## EXERCISE DETAILS
Make an exact copy of the entries, and keep any pictures out of it.

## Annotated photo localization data
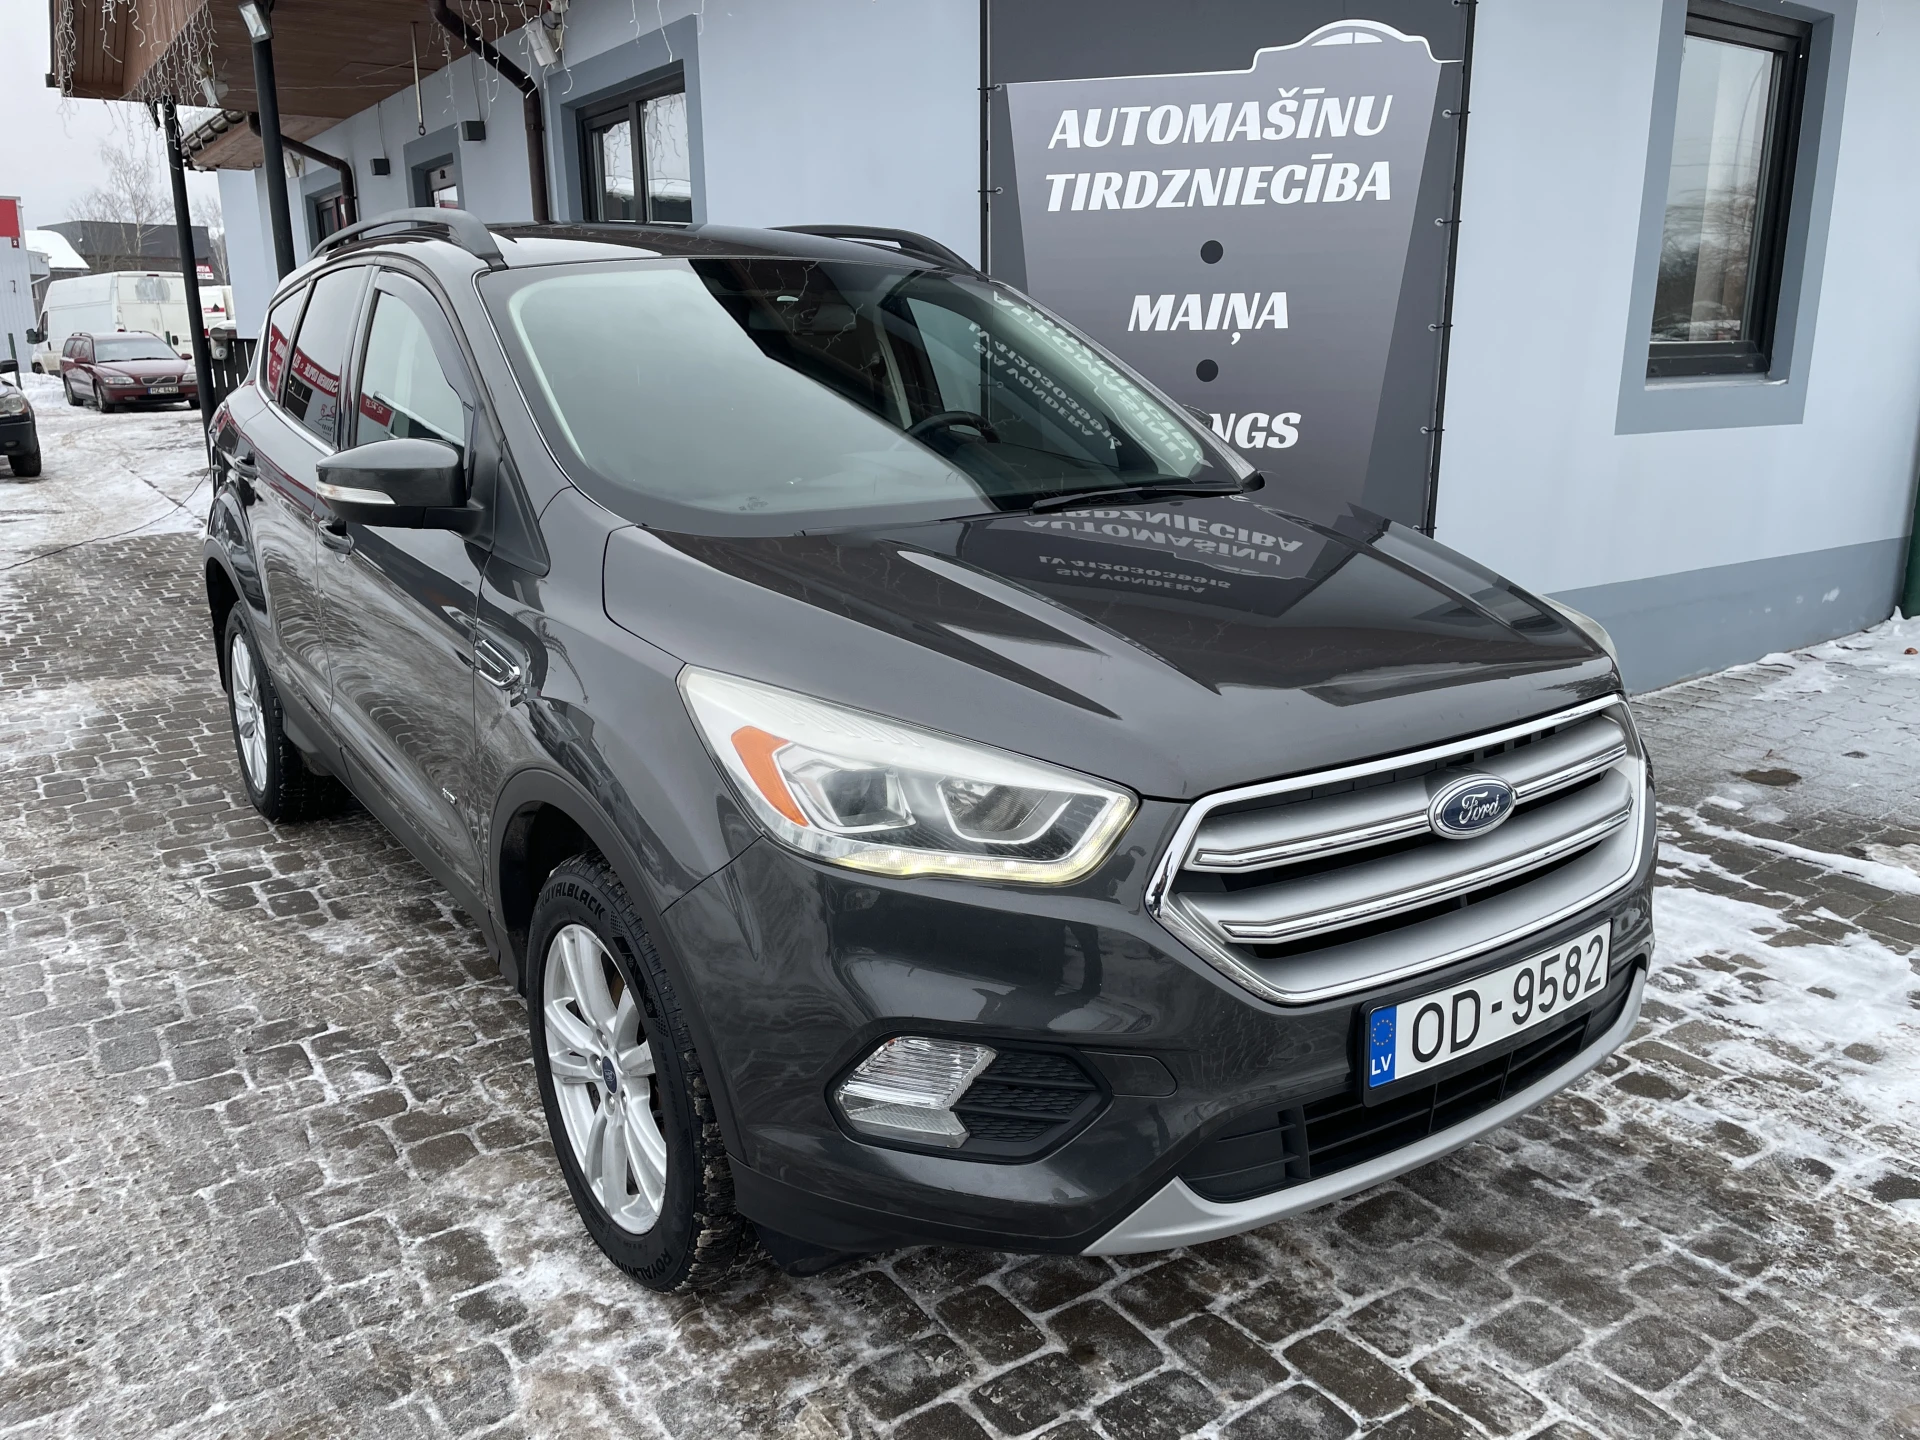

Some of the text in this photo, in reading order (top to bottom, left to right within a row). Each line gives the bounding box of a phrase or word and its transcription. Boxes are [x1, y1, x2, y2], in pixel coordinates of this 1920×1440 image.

[1047, 87, 1394, 150] AUTOMAŠĪNU
[1044, 153, 1392, 212] TIRDZNIECĪBA
[1127, 291, 1289, 346] MAIŅA
[1208, 411, 1302, 449] NGS
[1459, 791, 1501, 824] Ford
[1411, 934, 1604, 1063] OD-9582
[1371, 1053, 1392, 1076] LV

## COMPLETED EXERCISE
Some of the text in this photo, in reading order (top to bottom, left to right within a row). Each line gives the bounding box of a phrase or word and its transcription. Boxes are [x1, y1, x2, y2], in pixel coordinates of this 1920×1440 image.

[1047, 87, 1394, 150] AUTOMAŠĪNU
[1044, 153, 1392, 212] TIRDZNIECĪBA
[1127, 291, 1289, 346] MAIŅA
[1208, 411, 1302, 449] NGS
[1459, 791, 1501, 824] Ford
[1411, 934, 1604, 1063] OD-9582
[1371, 1053, 1392, 1076] LV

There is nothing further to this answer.